Extracted data entries:
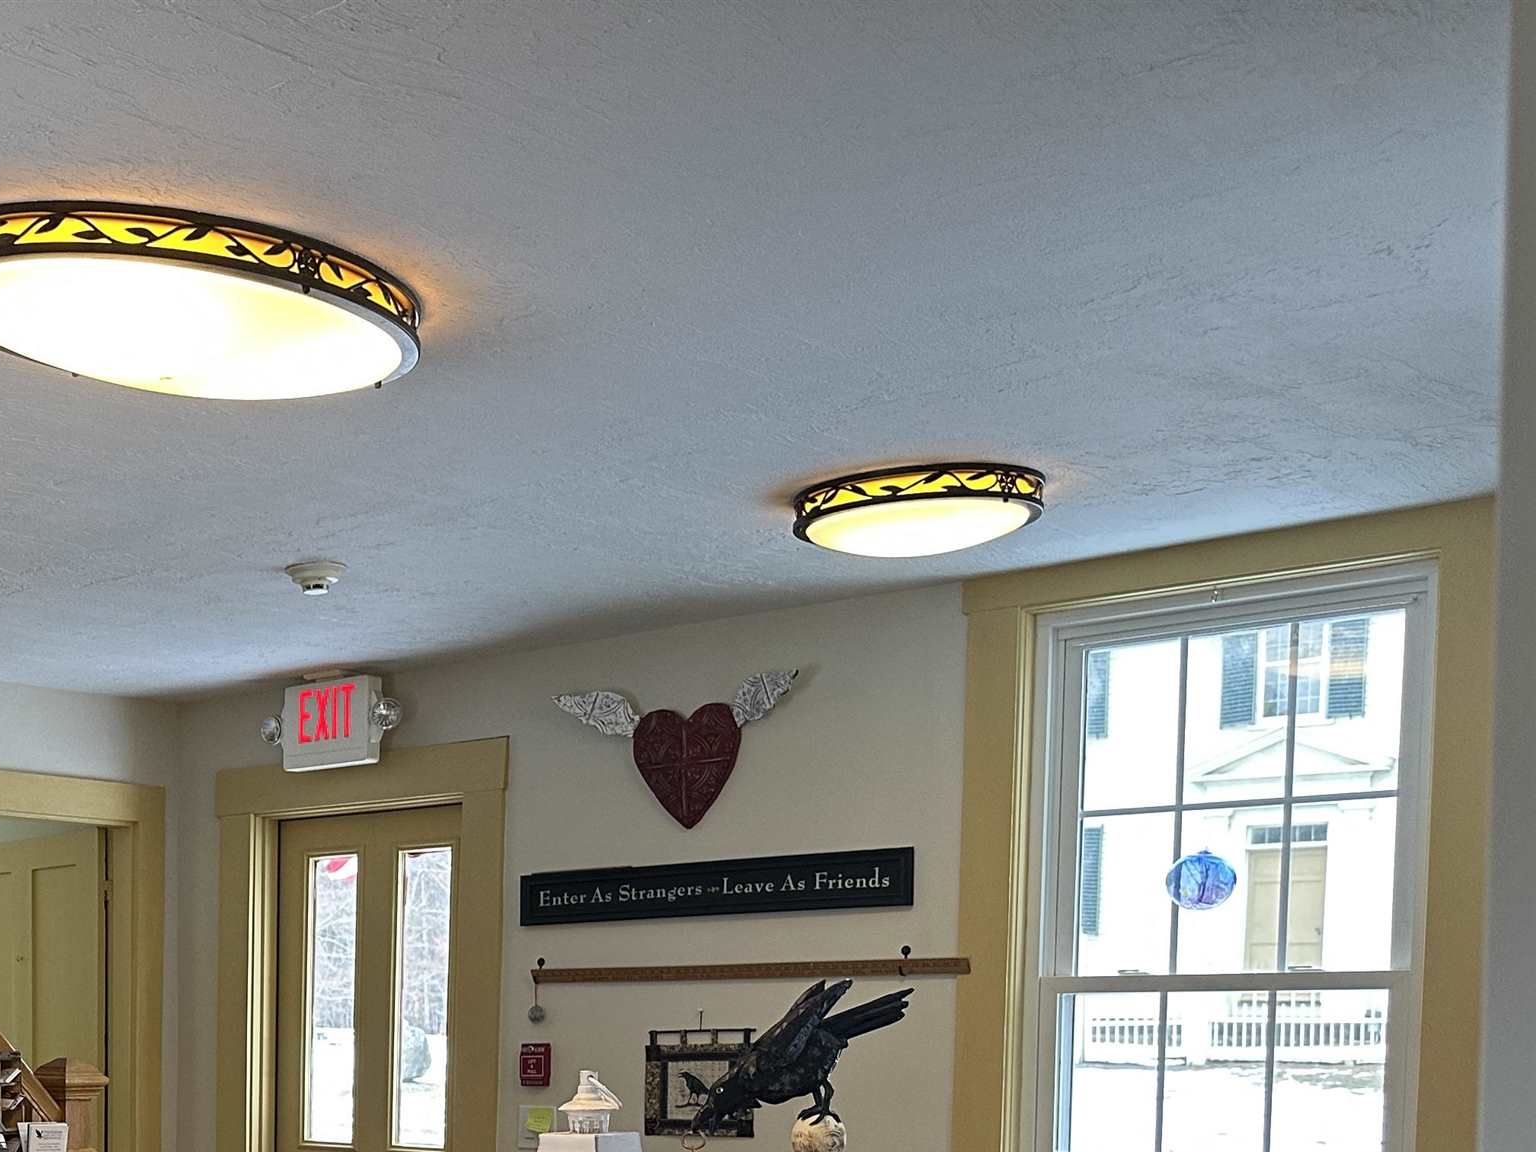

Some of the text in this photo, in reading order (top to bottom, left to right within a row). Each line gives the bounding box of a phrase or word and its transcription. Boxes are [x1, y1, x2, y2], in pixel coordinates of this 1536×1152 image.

[298, 683, 356, 744] EXIT
[539, 867, 891, 907] Enter As Strangers Leave As Friends
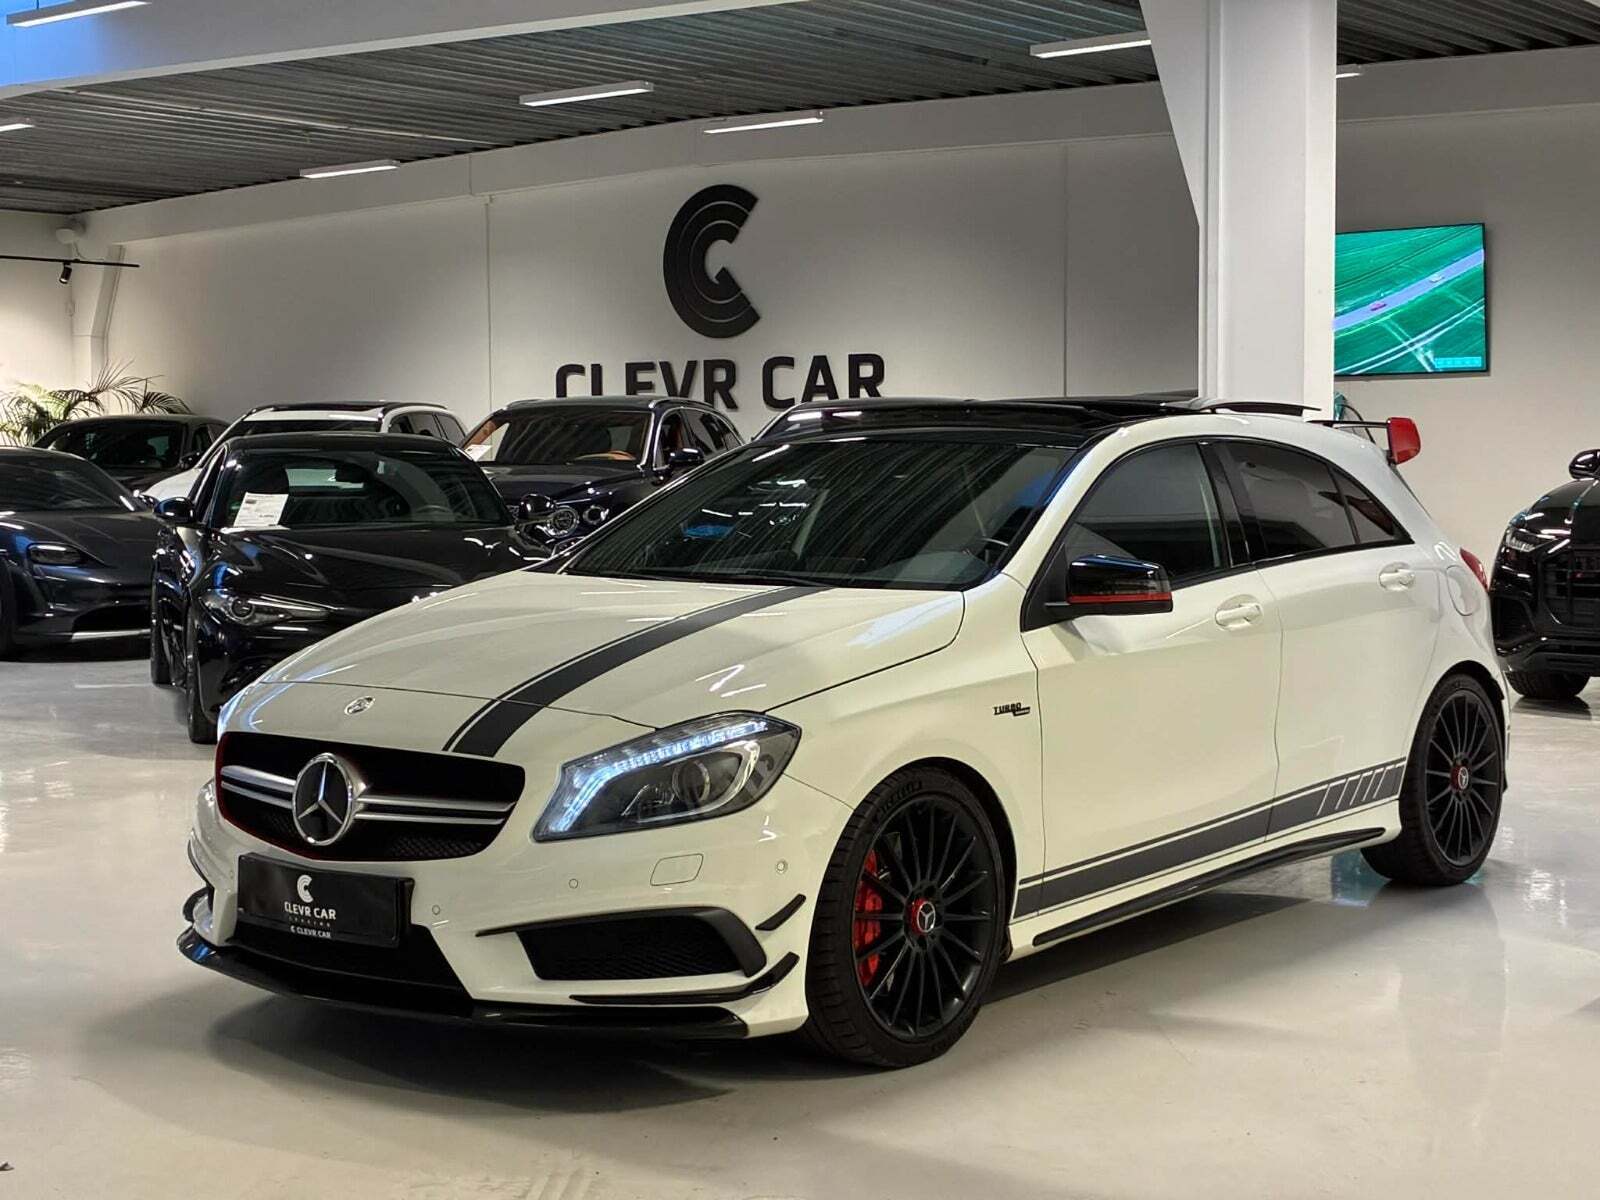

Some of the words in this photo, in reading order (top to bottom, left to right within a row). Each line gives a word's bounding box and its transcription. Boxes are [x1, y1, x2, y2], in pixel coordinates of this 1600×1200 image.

[762, 353, 885, 409] CAR
[284, 901, 312, 917] CLEVR
[313, 908, 337, 920] CAR

→ **Work item**: Find the line with "Some of the words". Transcribe it and every line after it exactly, through the end of the records above, and nothing else.

→ **Response to this exercise**:
Some of the words in this photo, in reading order (top to bottom, left to right within a row). Each line gives a word's bounding box and its transcription. Boxes are [x1, y1, x2, y2], in pixel coordinates of this 1600×1200 image.

[762, 353, 885, 409] CAR
[284, 901, 312, 917] CLEVR
[313, 908, 337, 920] CAR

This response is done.